Across surveys, among students who reported current cigarette use, the overall percentage of students who had tried to quit smoking cigarettes during the 12 months preceding the survey ranged from 48.1% to 62.4% (median: 55.8%). Prevalence among female students ranged from 46.8% to 66.4% (median: 54.8%), and prevalence among male students ranged from 47.3% to 59.7% (median: 51.8%) (Table 4).

Bought Cigarettes in a Store or Gas Station

Across surveys, among students aged <18 years who reported current cigarette use, the overall percentage of students who usually obtained cigarettes by buying them in a store (e.g., a convenience store, supermarket, or discount store) or gas station during the 30 days preceding the survey ranged from 6.6% to 32.9% (median: 11.4%). Prevalence among female students ranged from 4.6% to 8.0% (median: 6.3%), and prevalence among male students ranged from 13.1% to 21.3% (median: 17.2%) (Table 4).

Smoked a Whole Cigarette Before Age 13 Years

Across surveys, the overall percentage of students who had smoked a whole cigarette for the first time before age 13 years ranged from 7.8% to 21.4% (median: 13.0%). Prevalence among female students ranged from 5.5% to 19.5% (median: 9.8%). Prevalence among male students ranged from 9.9% to 22.9% (median: 14.7%) (Table 5).

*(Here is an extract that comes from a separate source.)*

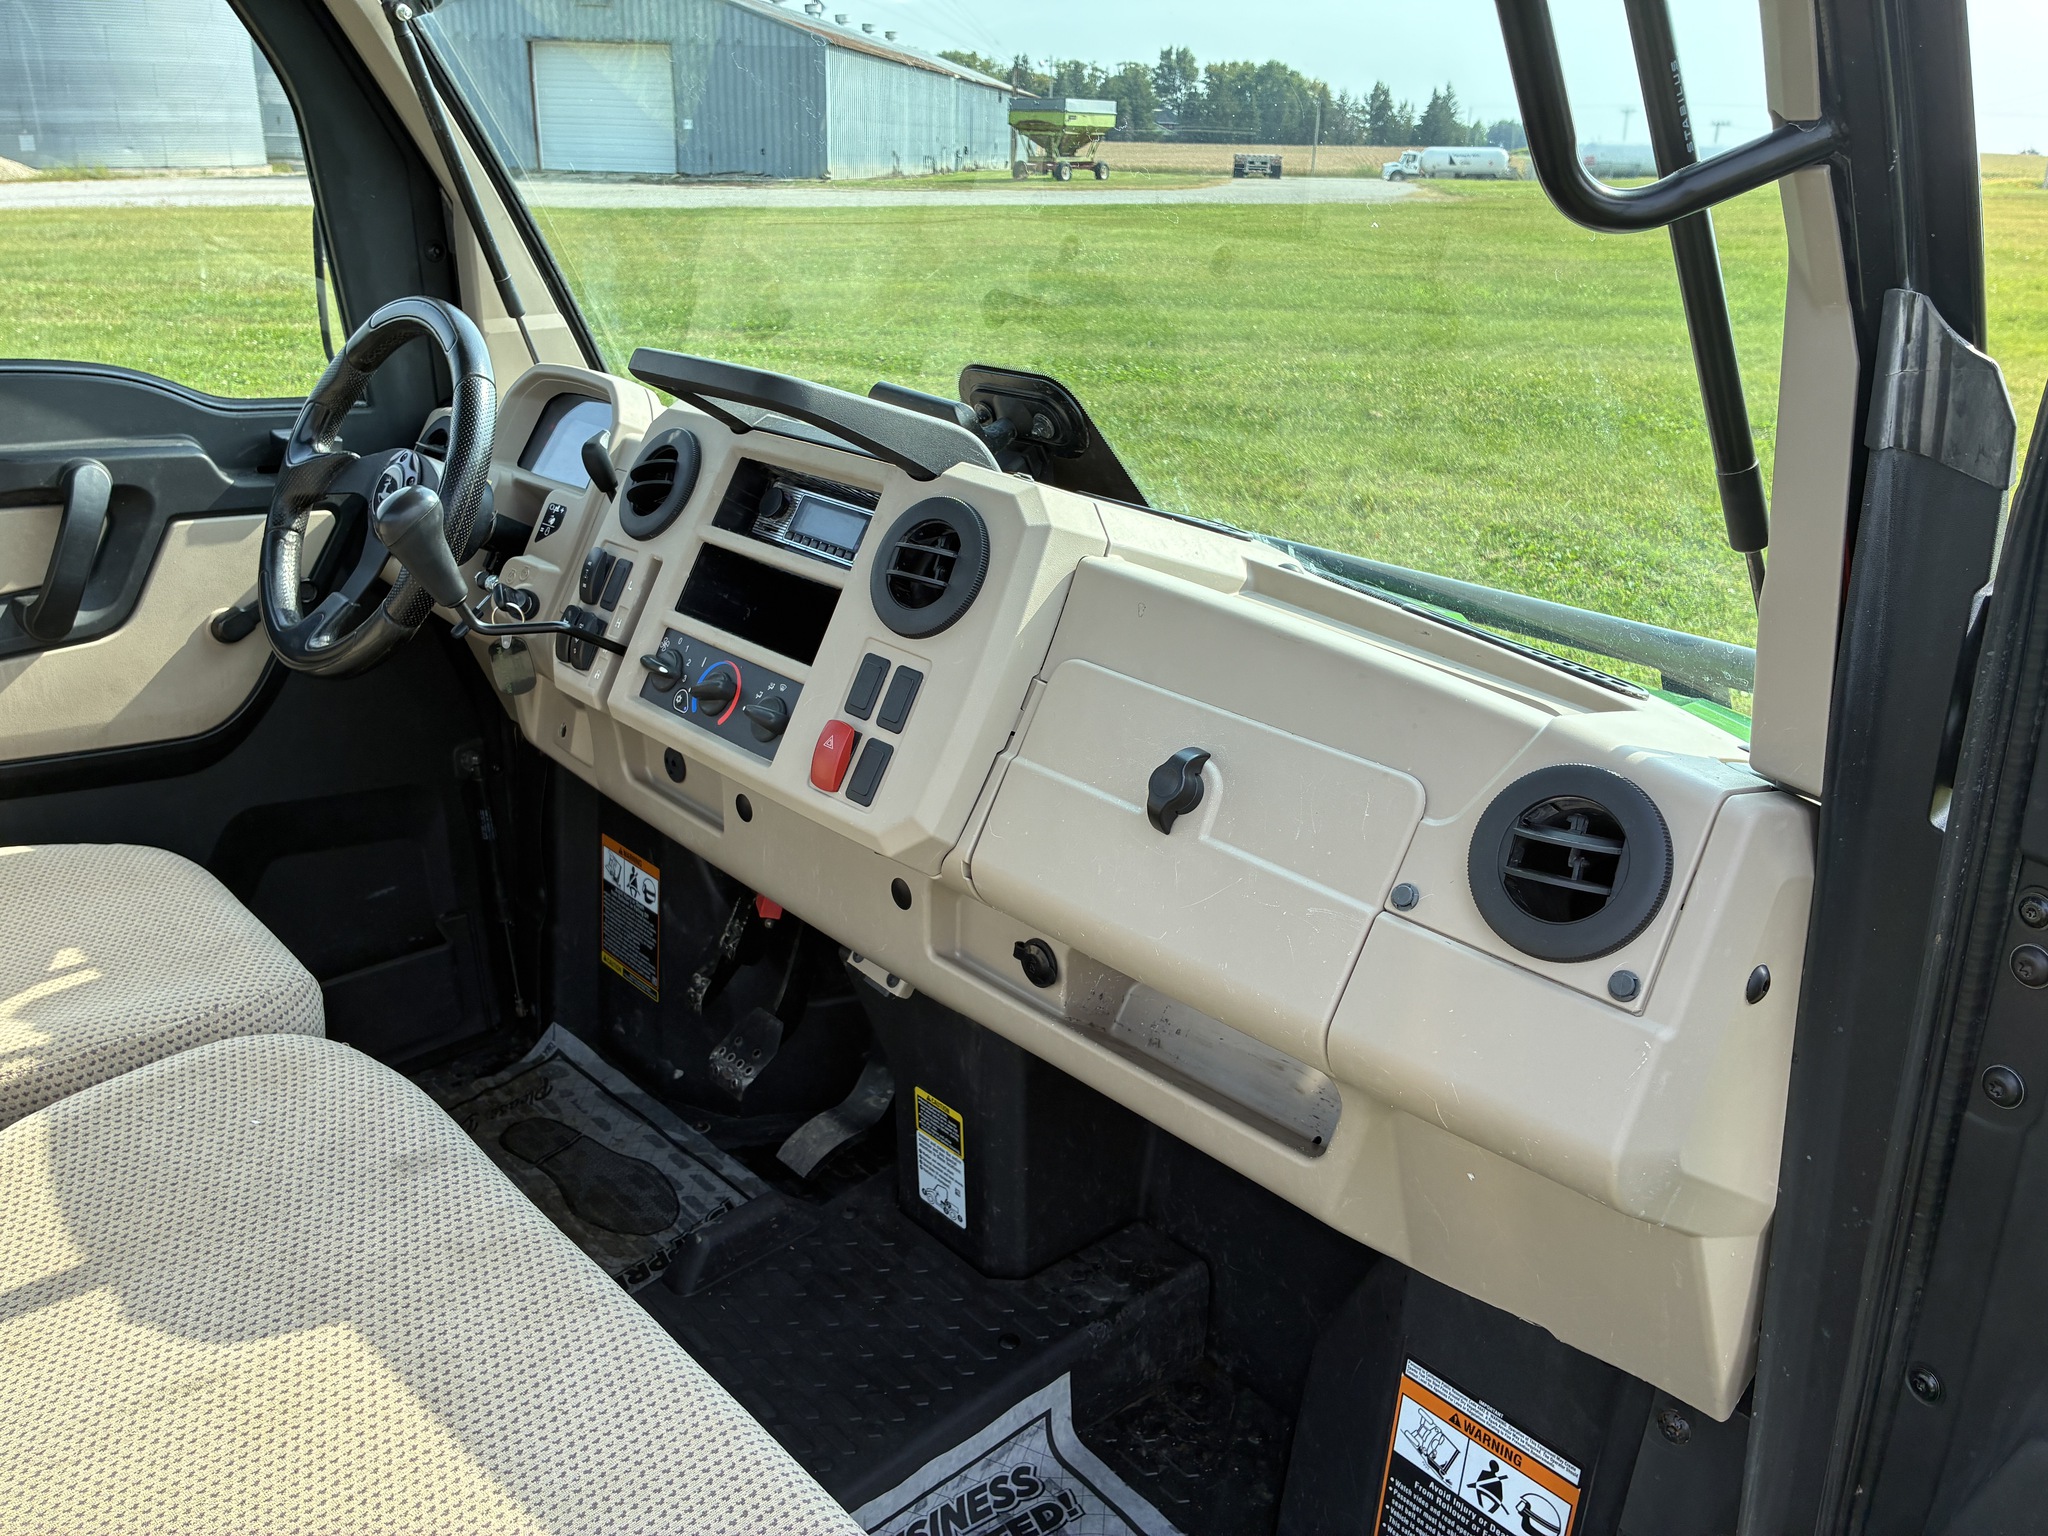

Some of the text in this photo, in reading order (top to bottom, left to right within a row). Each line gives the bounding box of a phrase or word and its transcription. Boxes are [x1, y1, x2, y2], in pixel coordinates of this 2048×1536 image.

Smoked Cigarettes on School Property

Across surveys, the overall percentage of students who had smoked cigarettes on school property on >1 of the 30 days preceding the survey ranged from 2.2% to 8.7% (median: 4.7%). Prevalence among female students ranged from 1.6% to 7.9% (median: 4.1%), and prevalence among male students ranged from 2.3% to 9.5% (median: 5.8%) (Table 5).

Dietary Behaviors

Ate Fruits and Vegetables >5 Times a Day

Across surveys, the overall percentage of students who had eaten fruits and vegetables§ five or more times a day during the 7 days preceding the survey ranged from 14.8% to 19.9% (median: 16.9%). Prevalence among female students ranged from 13.3% to 19.2% (median: 16.0%), and prevalence among male students ranged from 14.3% to 20.5% (median: 18.5%) (Table 6).

Physical Activity

Met Currently Recommended Levels of Physical Activity

Across surveys, the overall percentage of students who had been physically active doing any kind of physical activity that increased their heart rate and made them breathe hard some of the time for a total of >60 minutes/day on >5 of the 7 days preceding the survey (i.e., met currently recommended levels of physical activity) ranged from 19.2% to 43.2% (median: 34.0%). Prevalence among female students ranged from 13.4% to 34.2% (median: 27.9%), and prevalence among male students ranged from 25.8% to 52.2% (median: 41.9%) (Table 7).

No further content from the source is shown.